First Ever Ganja Gym to Open Doors Soon

Photo by Dan Skye

Isn’t it high time to finally and indisputably get rid of the old-fashioned misconception that stoners don’t exercise?

Jim McAlpine, a fit 46-year-old, intends to help the dispelling begin when he opens the world’s first “cannabis gym” in San Francisco.

In addition to being a traditional gym and wellness center, McAlpine’s Power Plant Fitness will allow members to buy and consume cannabis on site, including Power Plant’s own line of edibles, which McAlpine says are “made for pre-workout focus and post-workout recovery.”

McAlpin, founder of the 420 Games which were established to show pot smokers are not lazy or unmotivated, believes fitness will increasingly be a pillar of the booming cannabis industry.

“If you use it right,” he told Outside, “cannabis takes the things you love and lets you love them more. With fitness, that can help get you into the zone, into eye-of-the-tiger mode.”

While there is still limited research on pot and performance—which has everything to do with the fact that the federal government has classified weed as a Schedule 1 drug—there is enough to know it’s not a bad idea.

Many athletes swear by it.

Long-distance runners have been doing it for a long time and say cannabis helps their concentration and pain management.

“There is an ignorant stereotype about people who use marijuana not being athletic, but that’s because they aren’t often represented. The public only sees a misrepresentation of people who do [hash] dabs all day long and aren’t active,” former professional runner Chris Barnicle told the Guardian.

McAlpine wants to harness the potential for cannabis to aid in athletic performance.

To that end, Power Plant Fitness will offer cannabis performance assessments, wherein trainers will help members determine how pot can help their workouts before suggesting their weed-assisted fitness plans.

But some cannabis experts say be careful.

“It’s shocking to me,” Dr.

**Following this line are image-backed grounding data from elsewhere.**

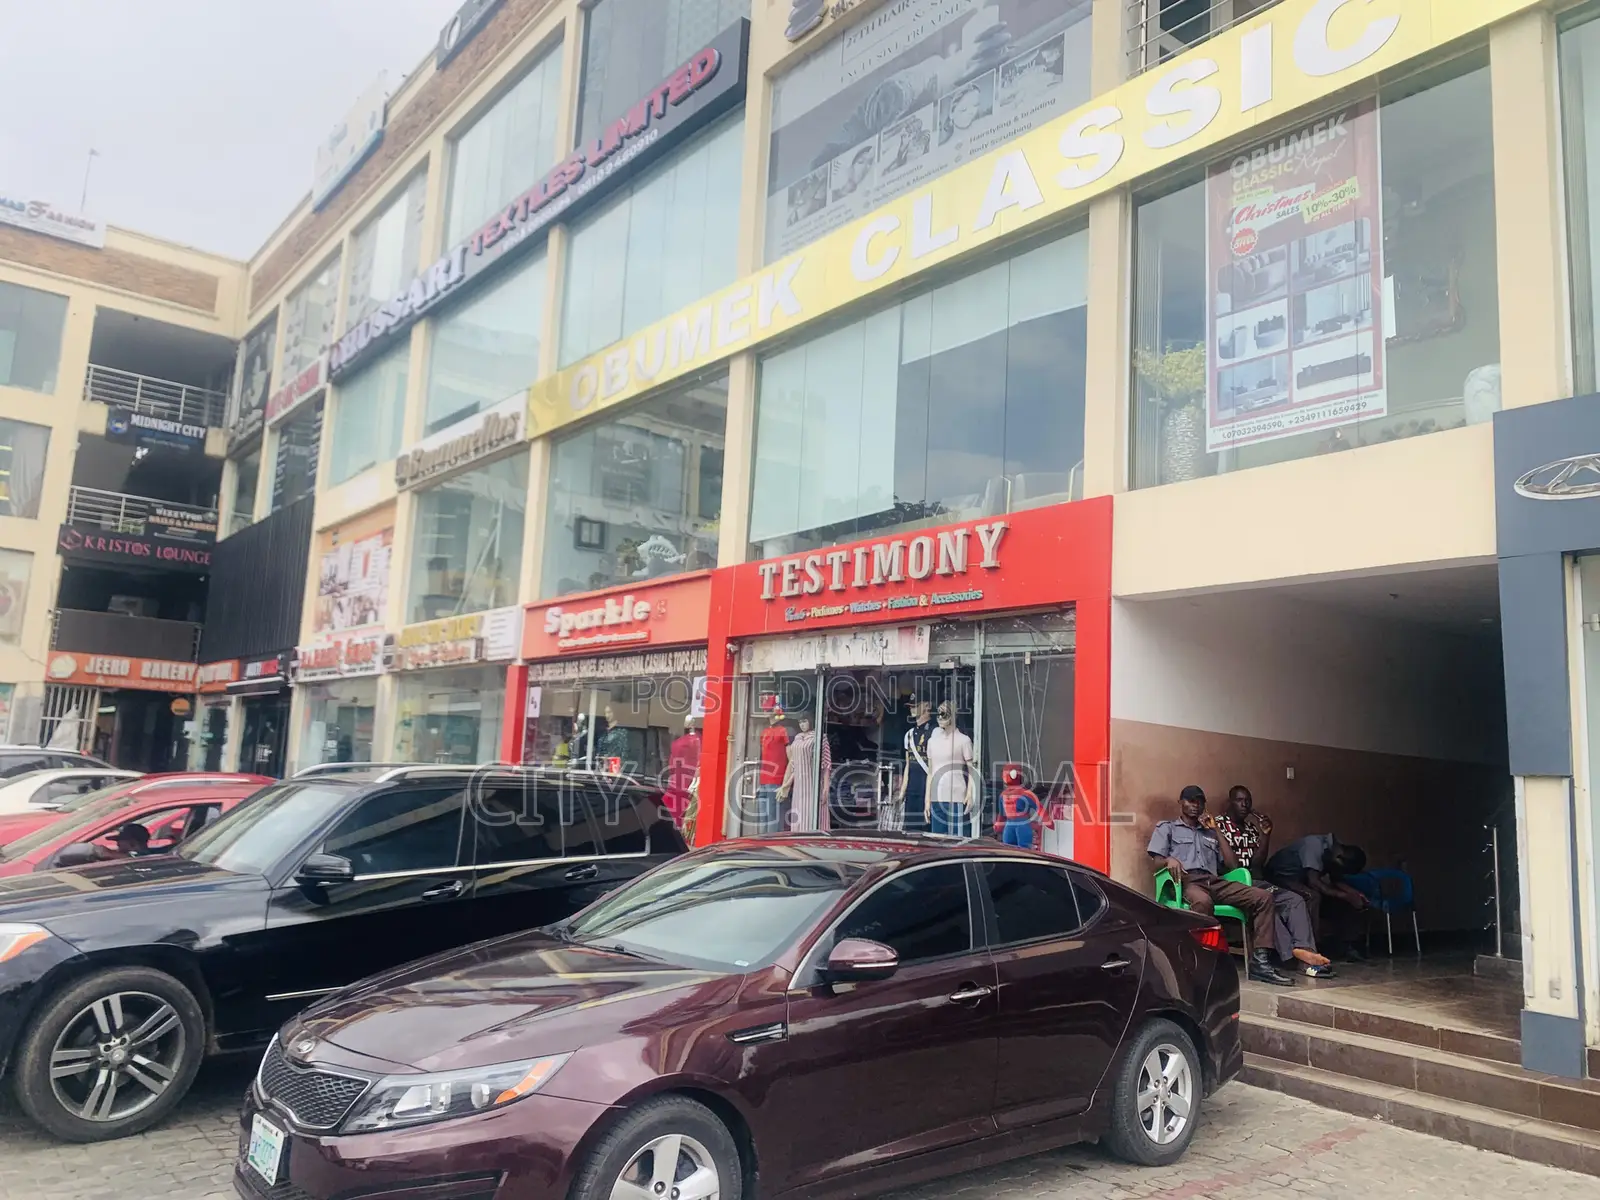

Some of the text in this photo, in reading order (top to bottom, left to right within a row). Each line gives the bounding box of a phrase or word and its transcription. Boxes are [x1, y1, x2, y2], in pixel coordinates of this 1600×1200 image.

[969, 119, 1012, 144] Hairstyling
[1020, 97, 1057, 119] braiding
[470, 153, 587, 256] TEXTILES
[587, 47, 721, 168] LIMITED
[1230, 112, 1348, 178] OBUMEK
[1232, 159, 1294, 193] CLASSIC
[569, 0, 1402, 411] OBUMEK CLASSIC
[1235, 189, 1313, 225] Christmas
[1275, 205, 1301, 220] SALES
[1305, 184, 1358, 216] 10%-30%
[131, 413, 206, 439] MIDNIGHT CITY
[84, 534, 151, 558] KRISTOS
[156, 545, 212, 565] LOUNGE
[758, 521, 1010, 600] TESTIMONY
[544, 595, 650, 638] Sparkle
[811, 604, 844, 618] Perfumes
[850, 601, 881, 613] Watches
[887, 595, 918, 609] Fashion
[919, 594, 929, 606] &
[931, 588, 984, 605] Accessories
[140, 661, 197, 682] BAKERY
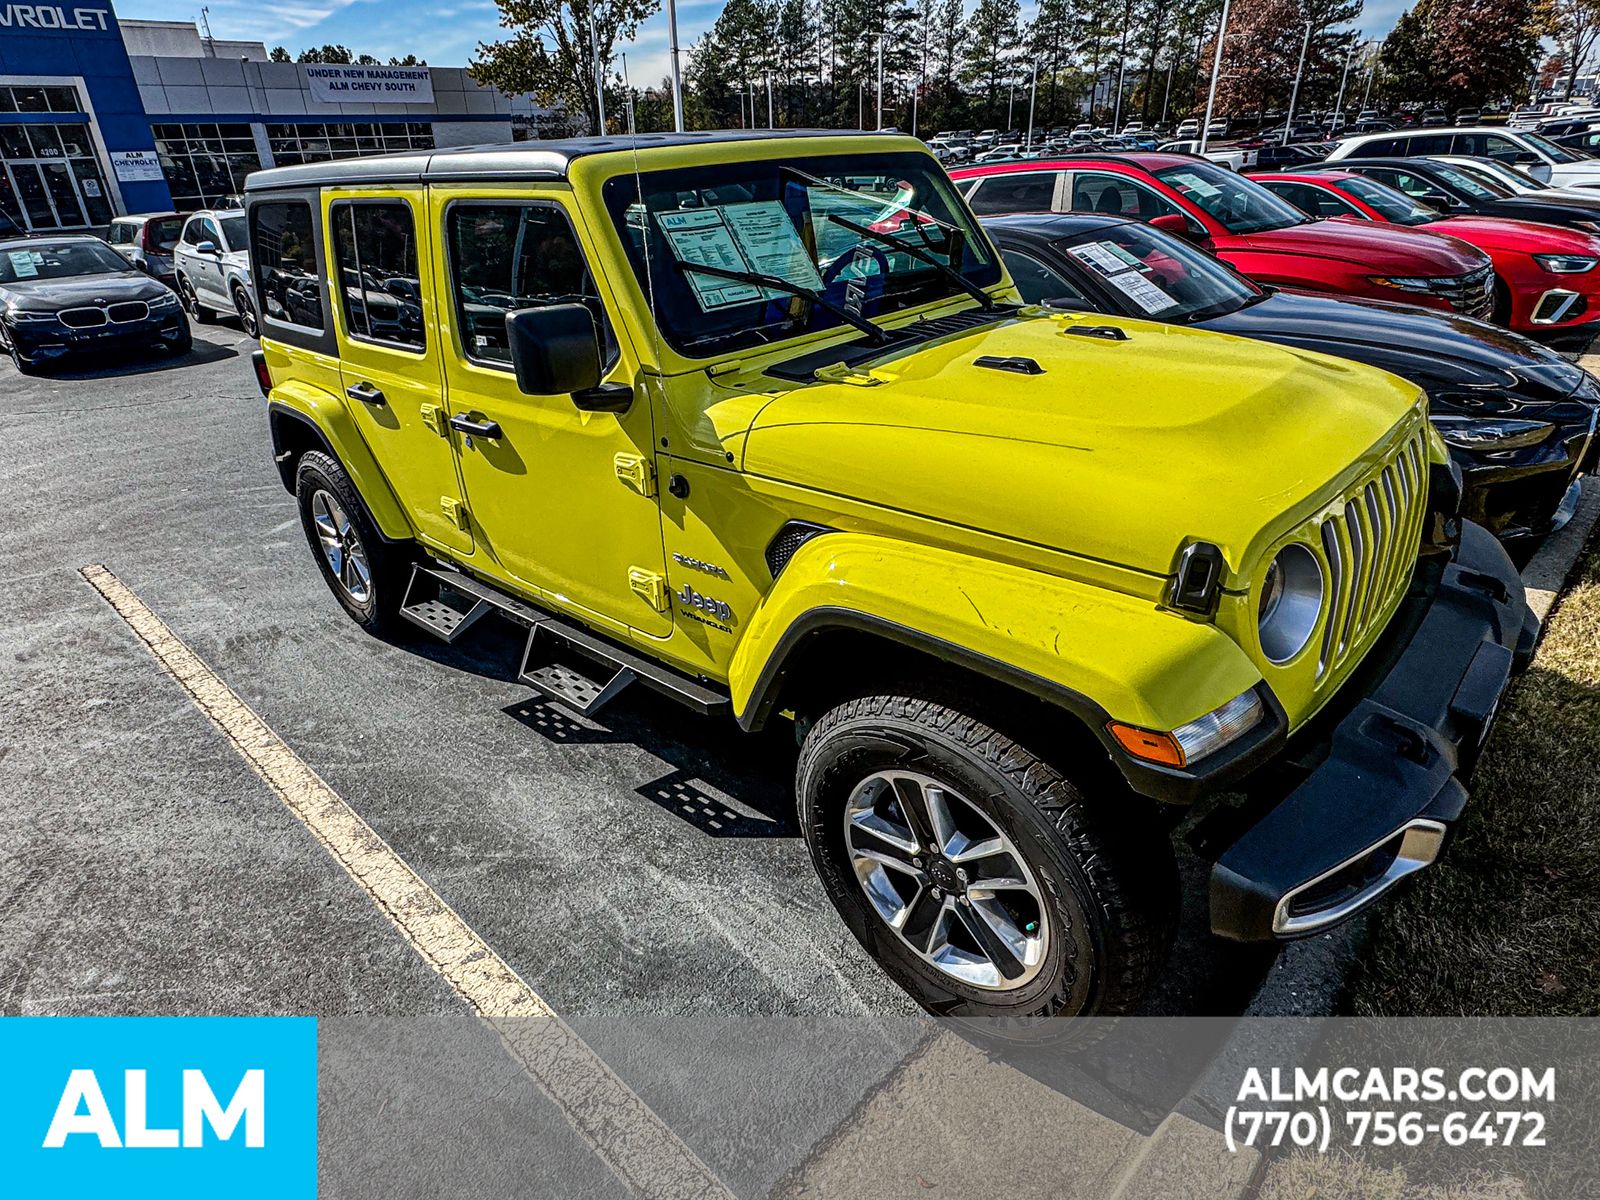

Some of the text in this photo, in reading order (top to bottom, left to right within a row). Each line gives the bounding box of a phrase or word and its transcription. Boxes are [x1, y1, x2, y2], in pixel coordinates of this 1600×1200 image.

Yasmin Hurd, professor of psychiatry and neuroscience at the Icahn School of Medicine at Mount Sinai New York, told People Magazine. “Cannabis decreases reaction time, it definitely impacts motor function. I don’t see how encouraging intoxication during workouts is something positive.”

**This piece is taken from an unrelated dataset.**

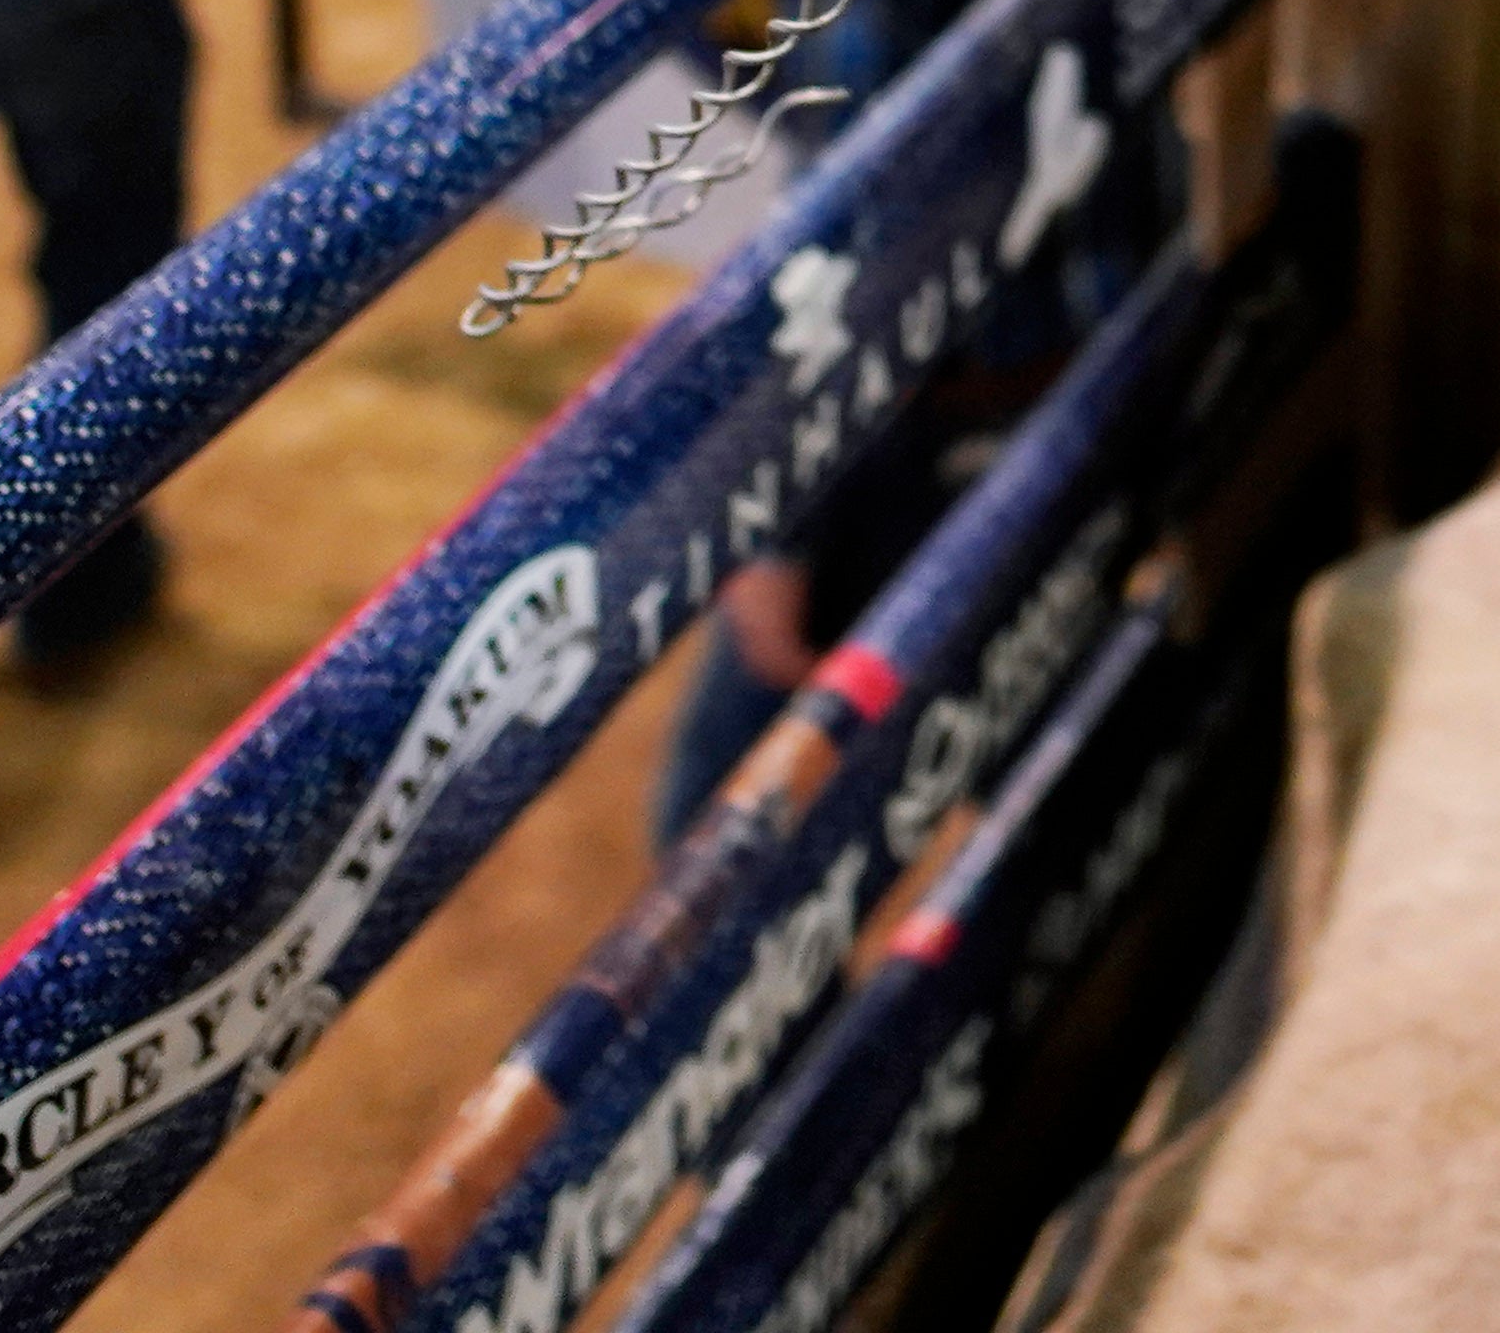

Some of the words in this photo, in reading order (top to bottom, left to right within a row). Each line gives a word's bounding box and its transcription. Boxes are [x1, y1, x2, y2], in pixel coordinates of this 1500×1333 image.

[188, 986, 238, 1070] Y
[253, 925, 315, 1011] OF
[336, 569, 574, 889] YOAKUM

Hurd believes not being able to feel pain while working out may lead to overexertion.

“People could work through their pain threshold in a way that could harm themselves because they are tearing muscles and they’re not going to feel them,” she said. “That to me is the main worry.”

We should all keep this advice in mind.

However, when Planet Power Fitness opens in May, this writer will be among the athletes trying it out and promises to report back.